Reputation: 13
Here is a sample of my dataset:
data have;
input v1 v2 $;
cards;
2015 123
2015 5a2
2015 544
2015 546
2015 678
2015 989
2016 123
2016 123
2016 222
2016 434
2016 444
2016 586
2016 675
2016 970
2016 98
2017 123
2017 123
2017 345
2017 544
2017 544
2017 675
;;;;
run;
My goal is to find the rate at which duplicate values occur in 2017 and/or 2015 and 2016. For example, if '123' occurs n times in 2017, I want to count each recurrence in 2017, but I want to count the number of times it occurs in either 2015 or 2016 once. So in the case of the sample data, the rate for '123' would be .5. Because it occurs twice in 2017, and at least once in the other two years, and we have 6 observations for 2017.

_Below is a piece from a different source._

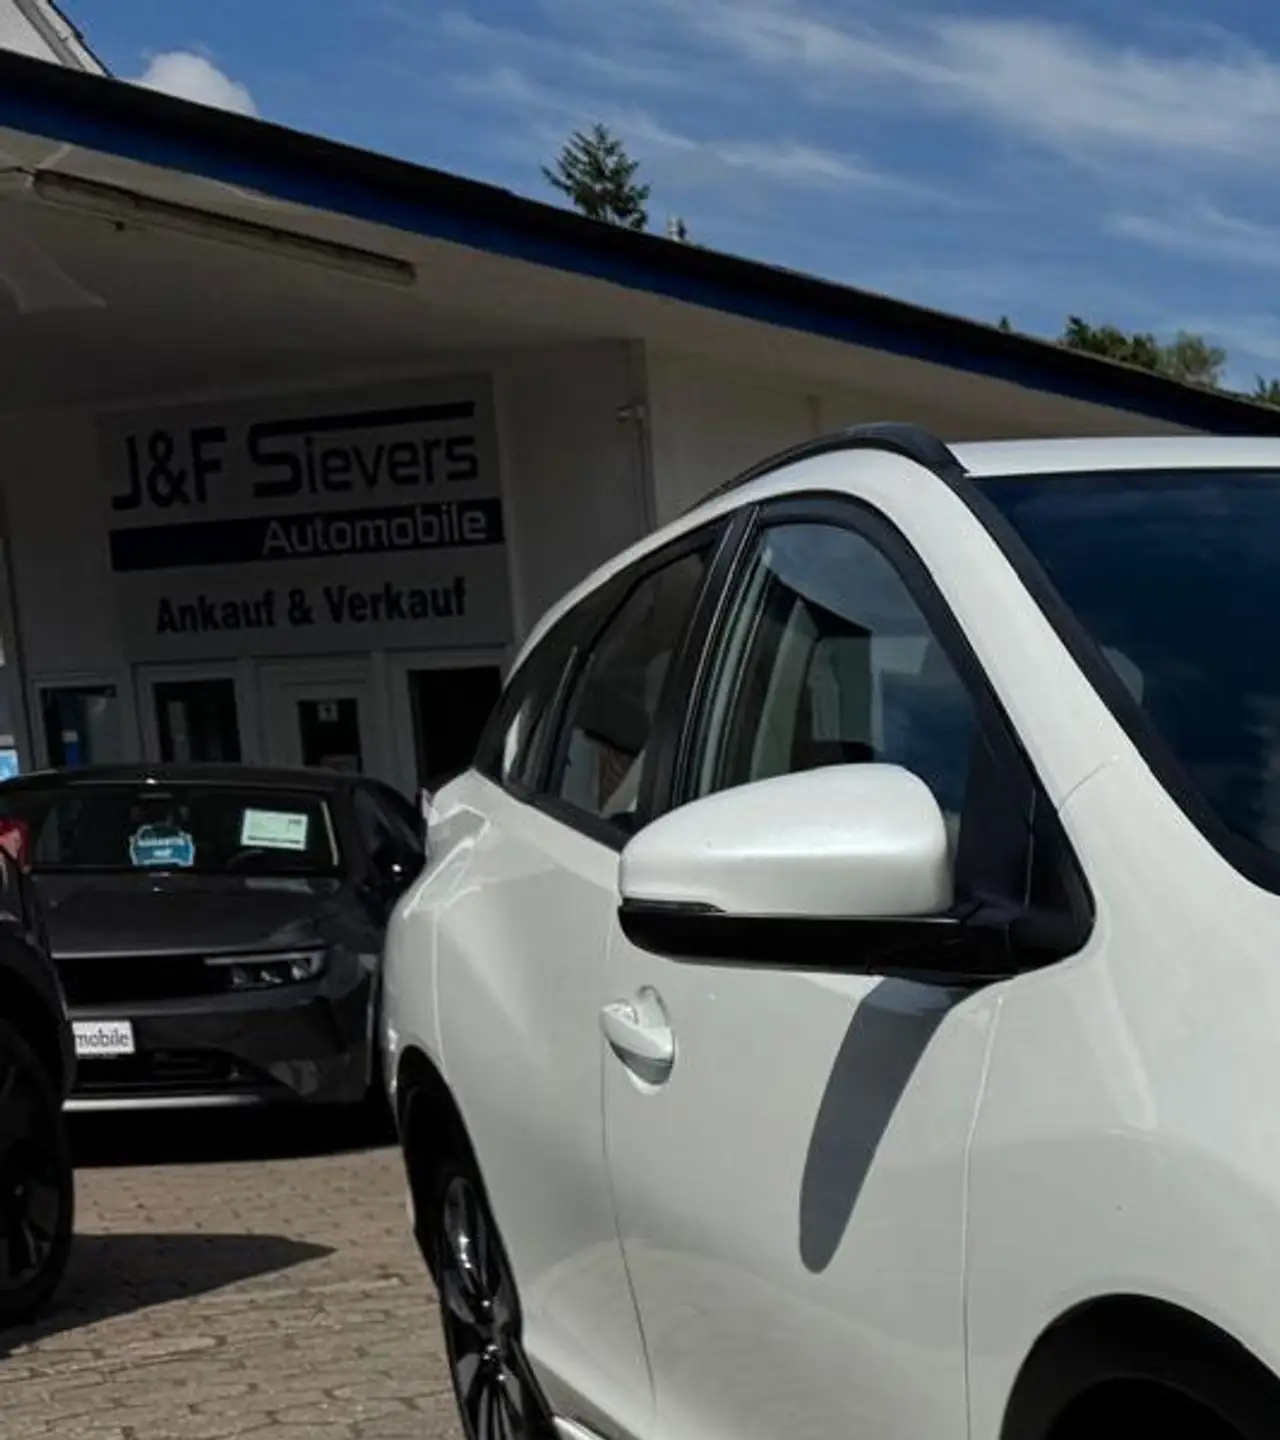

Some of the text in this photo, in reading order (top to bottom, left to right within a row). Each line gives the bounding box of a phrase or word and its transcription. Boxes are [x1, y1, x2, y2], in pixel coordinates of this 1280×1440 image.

[111, 402, 479, 511] J&F Sievers
[262, 504, 488, 556] Automobile
[156, 577, 466, 635] Ankauf & Verkauf

I am new to sql, and have been trying to build off of this code, but obviously this doesn't help me when counting across the levels of v1.
proc sql;
select count(distinct v1) as variablewant
from have
group by v1
;
quit;
Thank you.
Edit:
My desired output would be as follows:
2017: .8333
This is because 5 of the 6 values in 2017 occur either in 2017 or one of the two preceding years.
Upvotes: 0
Views: 71
Reputation: 27498
You can perform a reflexive (i.e. self) join to obtain the result. In the case of a left join
, when the right table does not meet the on
condition the any right columns referenced will be null. This fact is used in the case
statement to count the number of v2
's that occurred in prior years.
proc sql;
create table want as
select
year, sum (case when BUTTER.v2 is not null then 1 else 0 end) / count (*) as ratio
from
have as PEANUT
left join
(select distinct v2 from have where year < 2017) as BUTTER
on
PEANUT.v2 = BUTTER.v2
where
year = 2017
group by
year
;
Upvotes: 0